IMPORTANCE Production of recombinant protein in Escherichia coli still suffers from the insolubility problem. Conventional solubility enhancers with large sizes represented by maltose-binding protein (MBP) have remained as the first-choice tags, however, the success in the soluble expression of tagged protein is largely unpredictable. In addition, the large tags can negatively affect the function of target proteins. In this work, NEXT tag, an intrinsically disordered peptide, was introduced as a small but powerful alternative to MBP. The NEXT tag could significantly improve both expression level and solubility of target proteins including a thermostable carbonic anhydrase and a polyethylene terephthalate (PET)-degrading enzyme that are remarkable enzymes for environmental bioremediation.
INTRODUCTION
Recombinant protein expression underpins protein engineering and metabolic pathway engineering for the production of biotherapeutics, bioreporters, biocatalysts, and various industrial chemicals as well as biochemical studies of protein. Bacterial hosts such as Escherichia coli have remained the preferred hosts for recombinant protein expression due to their fast growth rate to high cell densities, ease of genetic manipulation, and scale-up simplicity (1). However, the high rate of protein synthesis/folding and high-level accumulation of heterologous protein in E. coli often lead to the formation of inclusion bodies that are intracellular aggregates of misfolded, partially folded, or even fully folded proteins, limiting the yield of recombinant protein (1-3).

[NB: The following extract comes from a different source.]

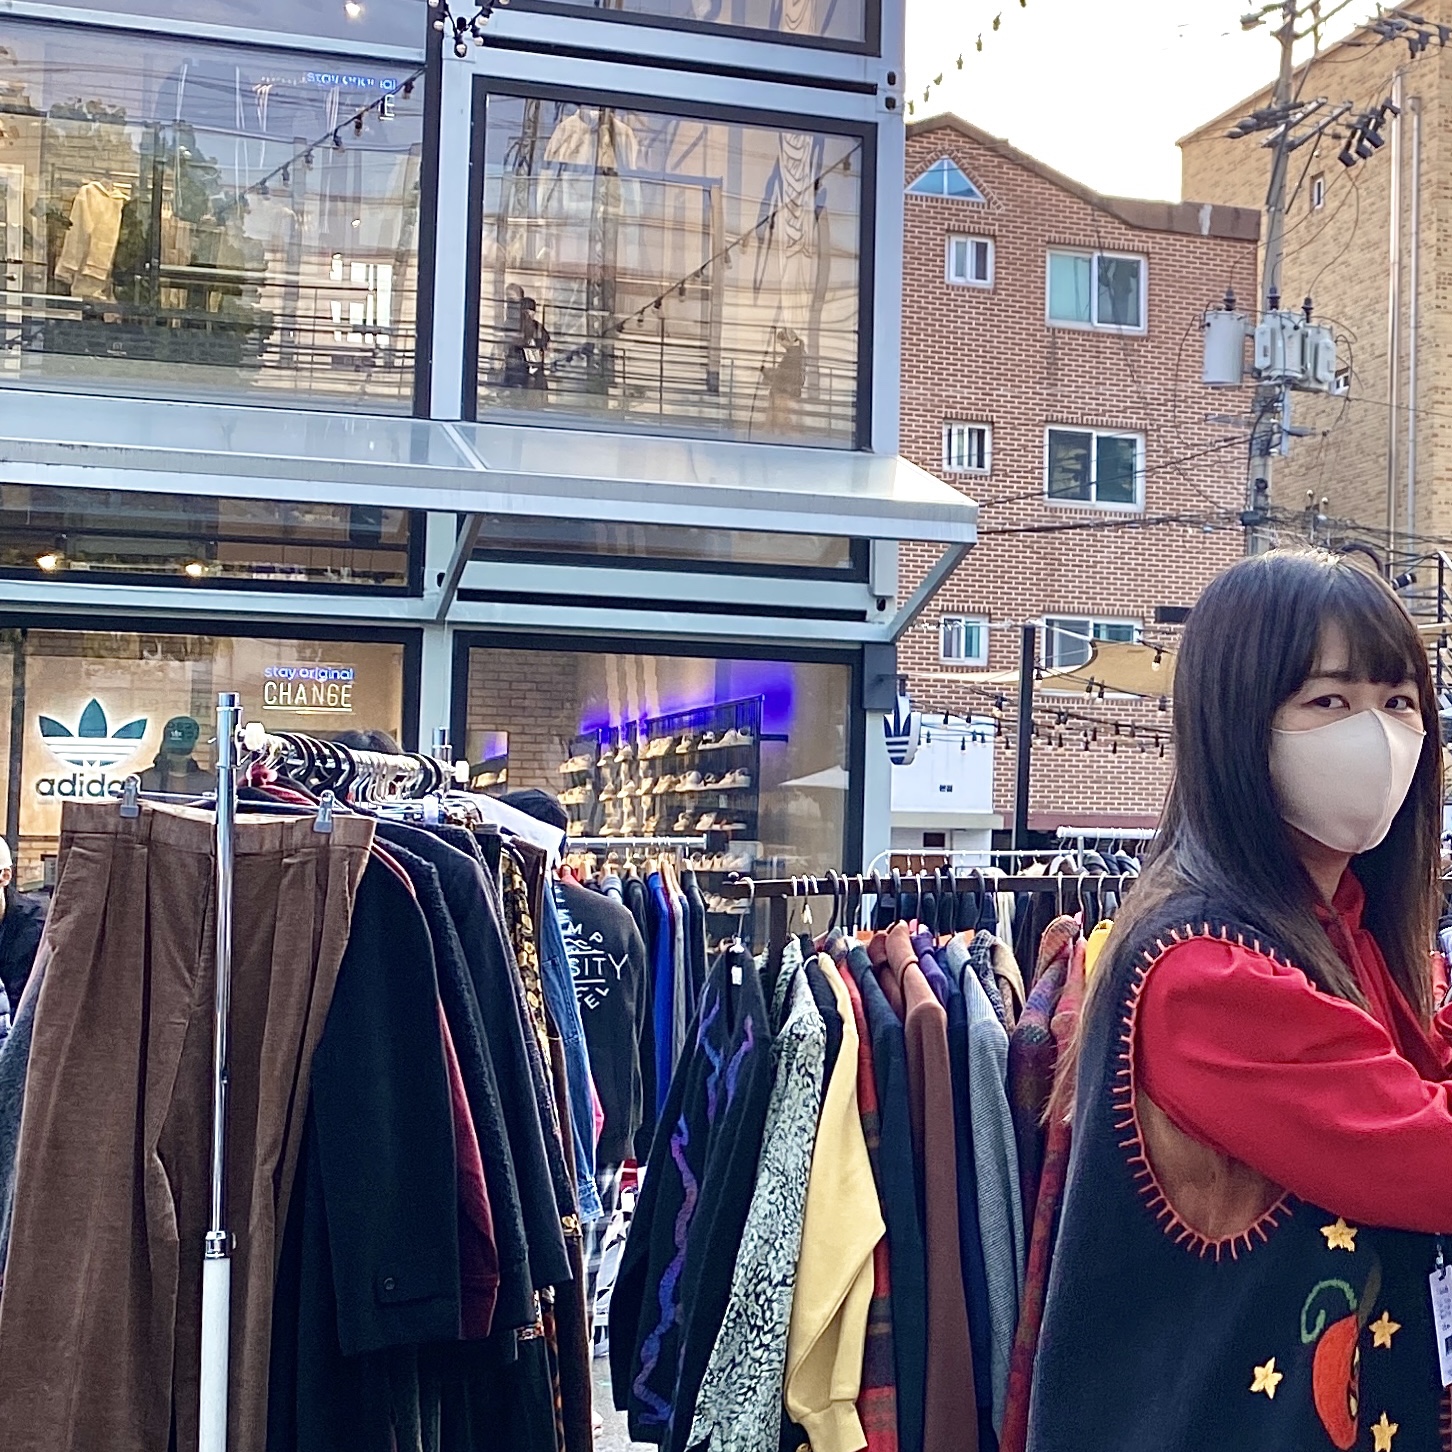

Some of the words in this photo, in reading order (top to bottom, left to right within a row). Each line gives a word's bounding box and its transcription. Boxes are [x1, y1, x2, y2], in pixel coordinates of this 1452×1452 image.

Fusion protein tags have been widely used as effective solubility enhancers for aggregation-prone proteins. When fused to the N termini of target proteins, these solubility tags not only improve the solubility of passenger proteins but also increase their expression level by providing sequence contexts for more efficient translation initiation (4). Despite numerous examples of their applications, the successful selection of effective tags for a given target protein still relies heavily on a trial-and-error approach. Although maltose-binding protein (MBP) and N-utilization substance A (NusA) are the best working tags (4, 5), they are relatively large proteins (> 40 kDa) that can impart a higher metabolic burden than smaller tags and increase the chance of full-length proteins undergoing incomplete synthesis (6), potentially leading to a lower yield of target protein. In addition, while fusion tags are generally removed by chemical or enzymatic cleavage after soluble expression and purification, proteins that have intrinsically poor solubilities need to be used in their tagged forms since they precipitate after the solubility tags are removed (1, 5, 7). In this case, smaller tags are more desirable to minimize the effect of fusion tags on the inherent properties of passenger proteins (7, 8). Collectively, there is still considerable demand to expand the repertoire of solubility tags that are more powerful but smaller than conventional tags.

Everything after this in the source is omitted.